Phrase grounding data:
%%
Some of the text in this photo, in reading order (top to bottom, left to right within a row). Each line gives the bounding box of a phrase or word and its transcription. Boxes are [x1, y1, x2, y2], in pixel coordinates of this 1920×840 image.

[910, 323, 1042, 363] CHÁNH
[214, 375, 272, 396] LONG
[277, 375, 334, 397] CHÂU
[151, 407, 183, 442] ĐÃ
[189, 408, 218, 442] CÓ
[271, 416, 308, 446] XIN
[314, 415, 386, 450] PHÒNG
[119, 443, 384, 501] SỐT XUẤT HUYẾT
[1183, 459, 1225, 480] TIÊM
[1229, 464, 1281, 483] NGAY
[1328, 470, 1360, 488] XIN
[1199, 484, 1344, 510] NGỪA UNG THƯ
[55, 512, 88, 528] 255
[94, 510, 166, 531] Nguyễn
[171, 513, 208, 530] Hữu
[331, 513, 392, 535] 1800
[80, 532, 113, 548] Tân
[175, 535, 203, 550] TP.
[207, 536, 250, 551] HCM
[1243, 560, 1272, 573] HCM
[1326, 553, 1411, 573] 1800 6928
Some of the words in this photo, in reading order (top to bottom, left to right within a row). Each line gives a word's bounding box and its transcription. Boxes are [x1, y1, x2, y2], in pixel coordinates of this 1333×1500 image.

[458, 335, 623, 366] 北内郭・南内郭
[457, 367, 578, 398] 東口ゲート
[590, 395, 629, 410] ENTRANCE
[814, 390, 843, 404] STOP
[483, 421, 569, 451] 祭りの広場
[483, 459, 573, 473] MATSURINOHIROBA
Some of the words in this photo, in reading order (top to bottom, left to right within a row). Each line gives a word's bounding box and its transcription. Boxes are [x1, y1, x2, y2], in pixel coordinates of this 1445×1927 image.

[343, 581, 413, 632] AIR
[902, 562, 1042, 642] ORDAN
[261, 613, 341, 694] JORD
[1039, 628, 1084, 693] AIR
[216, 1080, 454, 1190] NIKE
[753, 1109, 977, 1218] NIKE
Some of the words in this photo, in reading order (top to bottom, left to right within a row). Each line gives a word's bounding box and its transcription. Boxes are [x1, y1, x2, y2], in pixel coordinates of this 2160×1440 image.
%%
Exercise instructions: The lines above should be duplicated exactly.

Response to this exercise:
Some of the text in this photo, in reading order (top to bottom, left to right within a row). Each line gives the bounding box of a phrase or word and its transcription. Boxes are [x1, y1, x2, y2], in pixel coordinates of this 1920×840 image.

[910, 323, 1042, 363] CHÁNH
[214, 375, 272, 396] LONG
[277, 375, 334, 397] CHÂU
[151, 407, 183, 442] ĐÃ
[189, 408, 218, 442] CÓ
[271, 416, 308, 446] XIN
[314, 415, 386, 450] PHÒNG
[119, 443, 384, 501] SỐT XUẤT HUYẾT
[1183, 459, 1225, 480] TIÊM
[1229, 464, 1281, 483] NGAY
[1328, 470, 1360, 488] XIN
[1199, 484, 1344, 510] NGỪA UNG THƯ
[55, 512, 88, 528] 255
[94, 510, 166, 531] Nguyễn
[171, 513, 208, 530] Hữu
[331, 513, 392, 535] 1800
[80, 532, 113, 548] Tân
[175, 535, 203, 550] TP.
[207, 536, 250, 551] HCM
[1243, 560, 1272, 573] HCM
[1326, 553, 1411, 573] 1800 6928
Some of the words in this photo, in reading order (top to bottom, left to right within a row). Each line gives a word's bounding box and its transcription. Boxes are [x1, y1, x2, y2], in pixel coordinates of this 1333×1500 image.

[458, 335, 623, 366] 北内郭・南内郭
[457, 367, 578, 398] 東口ゲート
[590, 395, 629, 410] ENTRANCE
[814, 390, 843, 404] STOP
[483, 421, 569, 451] 祭りの広場
[483, 459, 573, 473] MATSURINOHIROBA
Some of the words in this photo, in reading order (top to bottom, left to right within a row). Each line gives a word's bounding box and its transcription. Boxes are [x1, y1, x2, y2], in pixel coordinates of this 1445×1927 image.

[343, 581, 413, 632] AIR
[902, 562, 1042, 642] ORDAN
[261, 613, 341, 694] JORD
[1039, 628, 1084, 693] AIR
[216, 1080, 454, 1190] NIKE
[753, 1109, 977, 1218] NIKE
Some of the words in this photo, in reading order (top to bottom, left to right within a row). Each line gives a word's bounding box and its transcription. Boxes are [x1, y1, x2, y2], in pixel coordinates of this 2160×1440 image.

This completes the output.